On peut voir d’immenses affiches publicitaires

Certaines roses

D’autre bleues

Pour une expo intitulée Prédations.

Une exposition – comme le titrent les journaux

« À dévorer à pleines dents ».

On y va en famille

Voir comment les uns tuent les autres

Voir comment les uns sont tués par les autres

Ceux traqués jusqu’à l’épuisement

Ceux étouffés lentement

Ceux avalés vivants.

On aurait aussi pu appeler cette exposition Fascination.
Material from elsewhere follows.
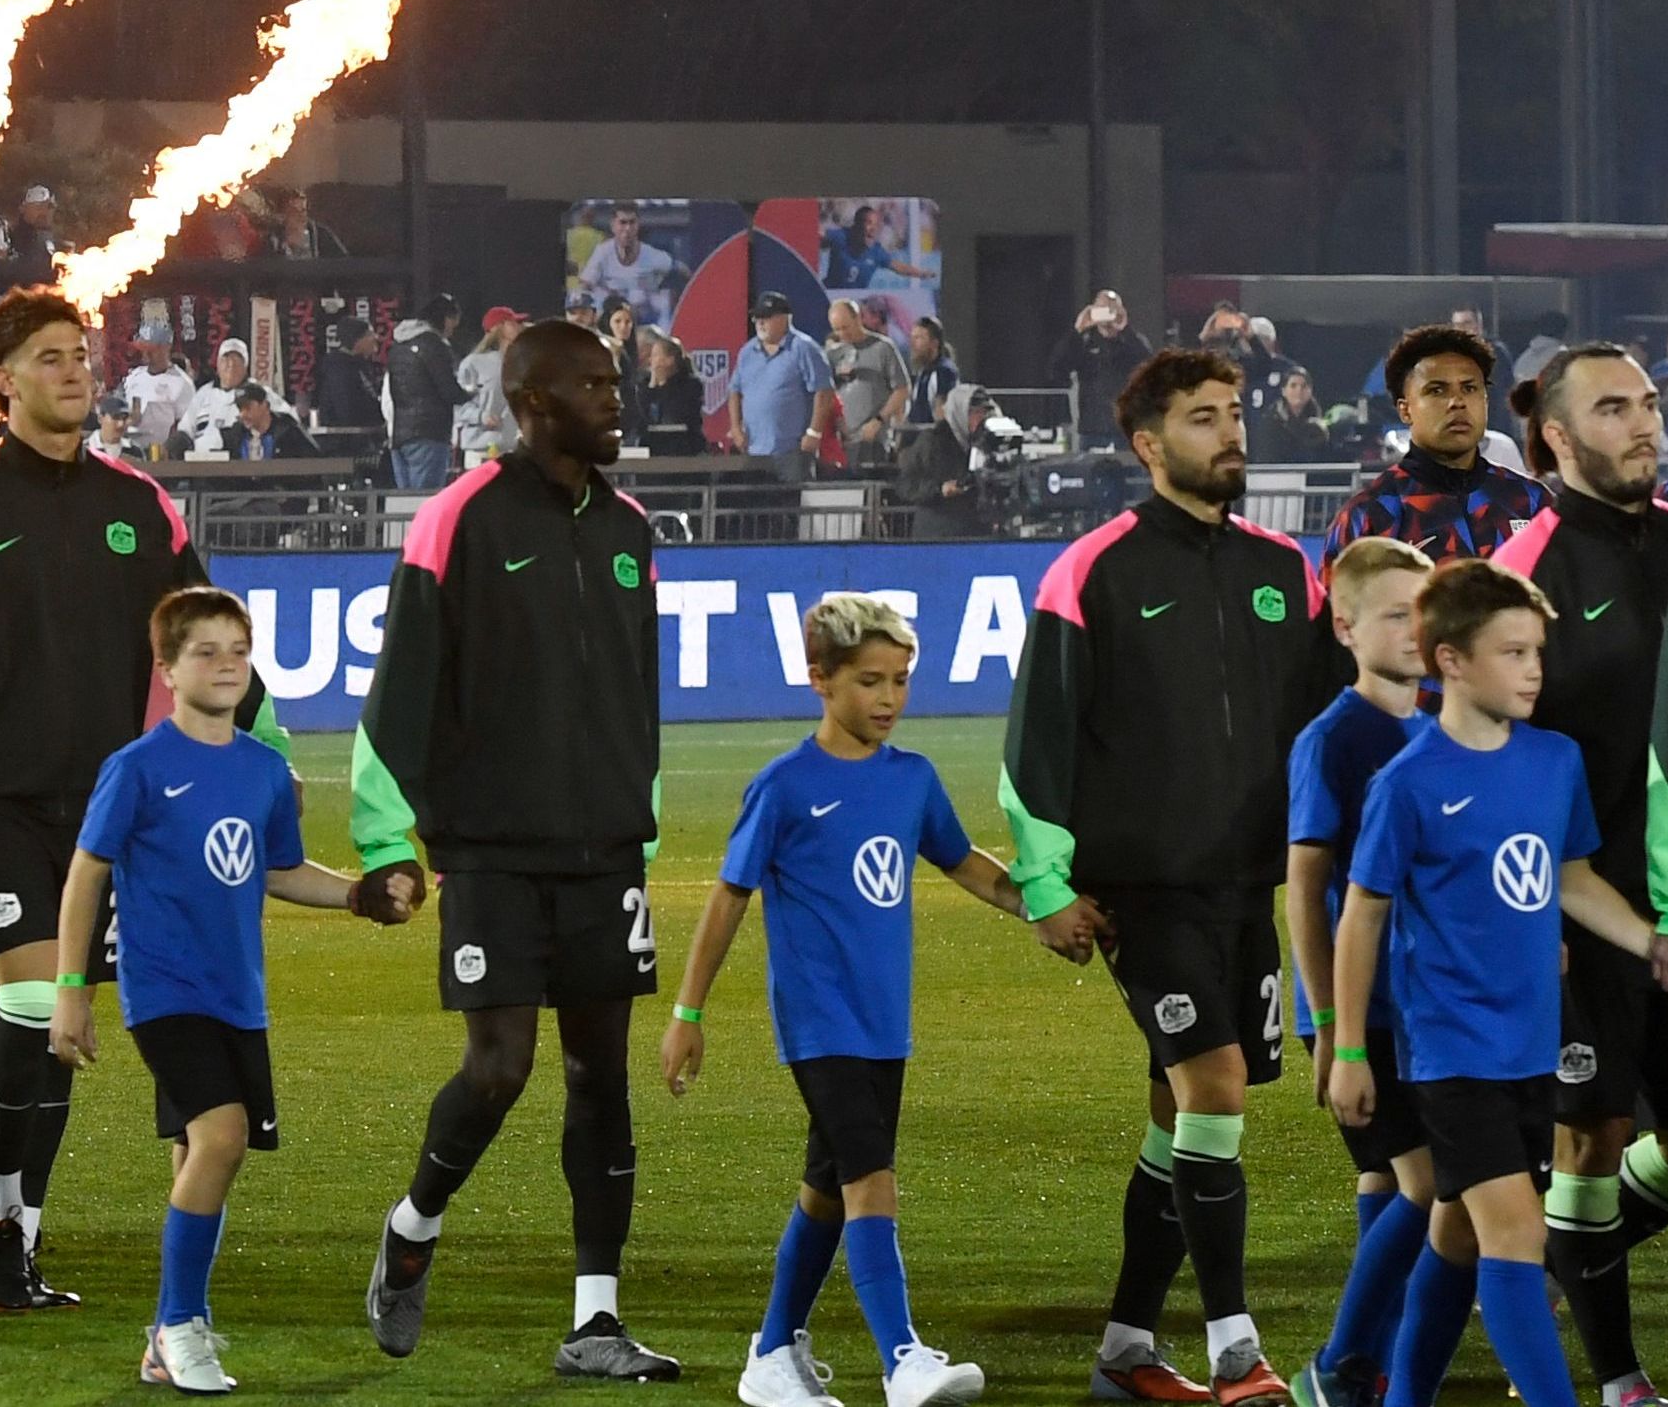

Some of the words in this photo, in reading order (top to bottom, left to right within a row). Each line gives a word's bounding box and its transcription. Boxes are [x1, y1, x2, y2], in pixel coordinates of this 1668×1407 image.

Ou plus sobrement Respect.

 

Je sais que je ne suis pas le seul enfant

À m’être dit

Devant des animaux traqués :

On ne peut pas laisser faire

– Il faut les aider.

Mais les parents sont là pour veiller

Les parents expliquent ce qu’on leur a expliqué

Ça les fait même sourire – tant de naïveté.

Ils disent que c’est la vie

Ils disent que la mort fait partie de la vie

Ils disent c’est la nature qui veut ça.

Voilà à peu près ce qu’ils disent.

Ils répètent ce que les professeurs ont dit

Qui répètent ce que les experts ont dit

Et à la fin l’enfant ne dit plus rien.

Il apprend – à son tour

Ce que veut la nature.

Comme si la nature était quelqu’un

Et même quelqu’un de plutôt extraordinaire.

Comme si la nature avait un plan

Un bon plan.

 

Comme si ce qui existe ne se « contentait » pas d’exister

Comme si ce qui existe avait une bonne raison d’exister.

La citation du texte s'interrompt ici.